## Required work:
Copy the entries below verbatim, omitting any pictures they contain.

Top of Records provided

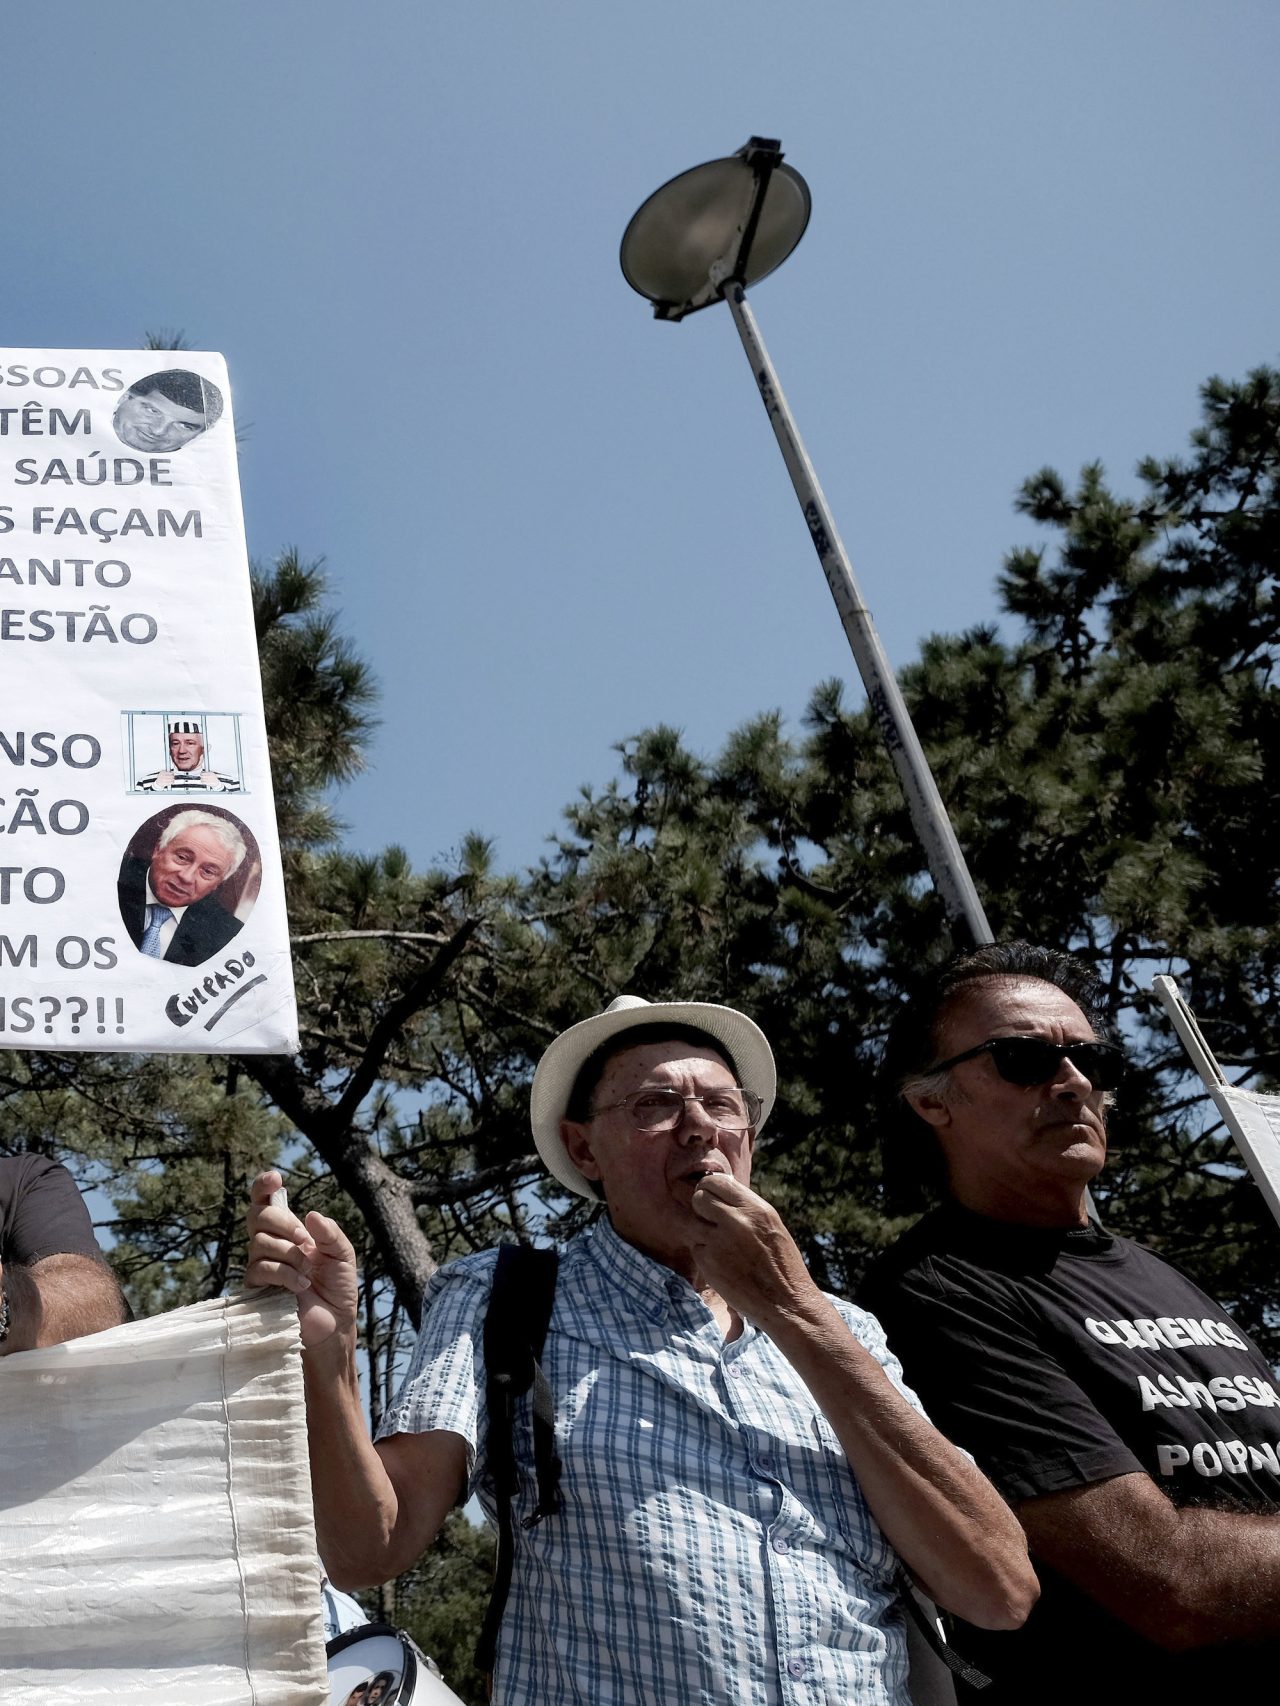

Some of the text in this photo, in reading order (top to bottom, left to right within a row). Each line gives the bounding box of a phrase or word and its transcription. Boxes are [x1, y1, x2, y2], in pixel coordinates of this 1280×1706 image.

[15, 451, 172, 486] SAÚDE
[33, 507, 202, 543] FAÇAM
[56, 936, 117, 969] OS
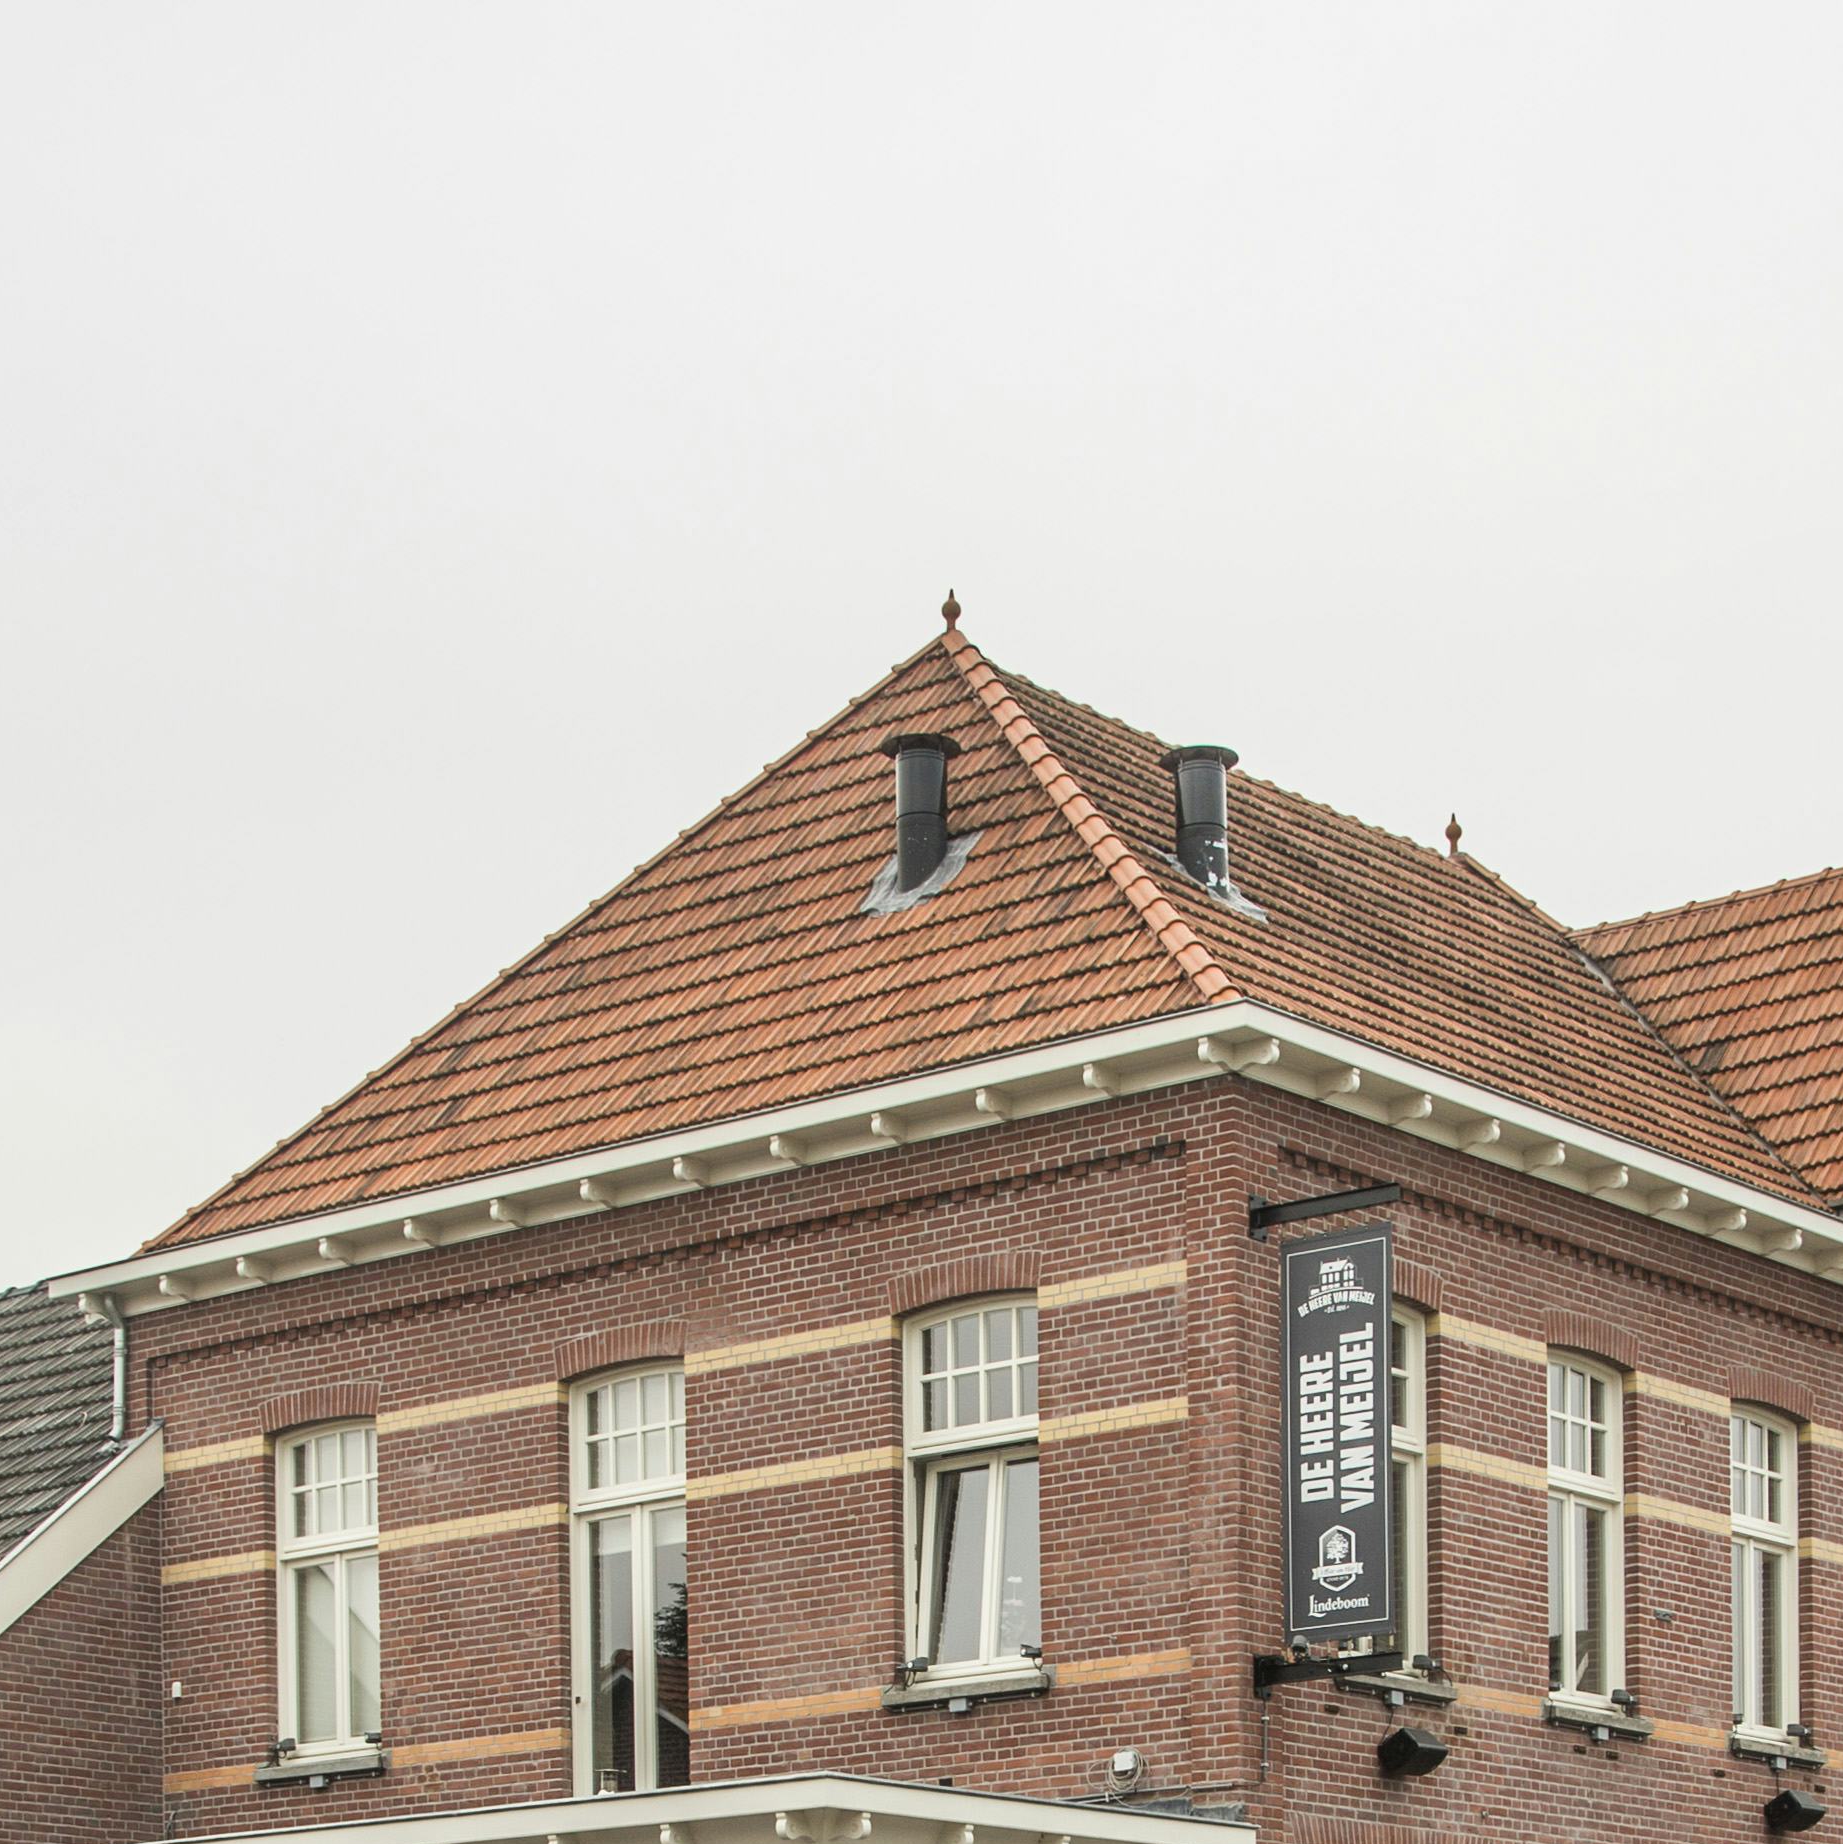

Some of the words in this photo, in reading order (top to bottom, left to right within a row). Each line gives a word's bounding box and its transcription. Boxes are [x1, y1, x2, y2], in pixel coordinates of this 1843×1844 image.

[1332, 1291, 1349, 1303] VAN
[1300, 1351, 1334, 1454] HEERE
[1339, 1321, 1374, 1441] MEIJEL
[1300, 1457, 1335, 1504] DE
[1340, 1445, 1374, 1514] VAN
[1308, 1594, 1370, 1618] Lindeboom

Bottom of Records provided

## Response box:
Some of the text in this photo, in reading order (top to bottom, left to right within a row). Each line gives the bounding box of a phrase or word and its transcription. Boxes are [x1, y1, x2, y2], in pixel coordinates of this 1280×1706 image.

[15, 451, 172, 486] SAÚDE
[33, 507, 202, 543] FAÇAM
[56, 936, 117, 969] OS

Some of the words in this photo, in reading order (top to bottom, left to right within a row). Each line gives a word's bounding box and its transcription. Boxes are [x1, y1, x2, y2], in pixel coordinates of this 1843×1844 image.

[1332, 1291, 1349, 1303] VAN
[1300, 1351, 1334, 1454] HEERE
[1339, 1321, 1374, 1441] MEIJEL
[1300, 1457, 1335, 1504] DE
[1340, 1445, 1374, 1514] VAN
[1308, 1594, 1370, 1618] Lindeboom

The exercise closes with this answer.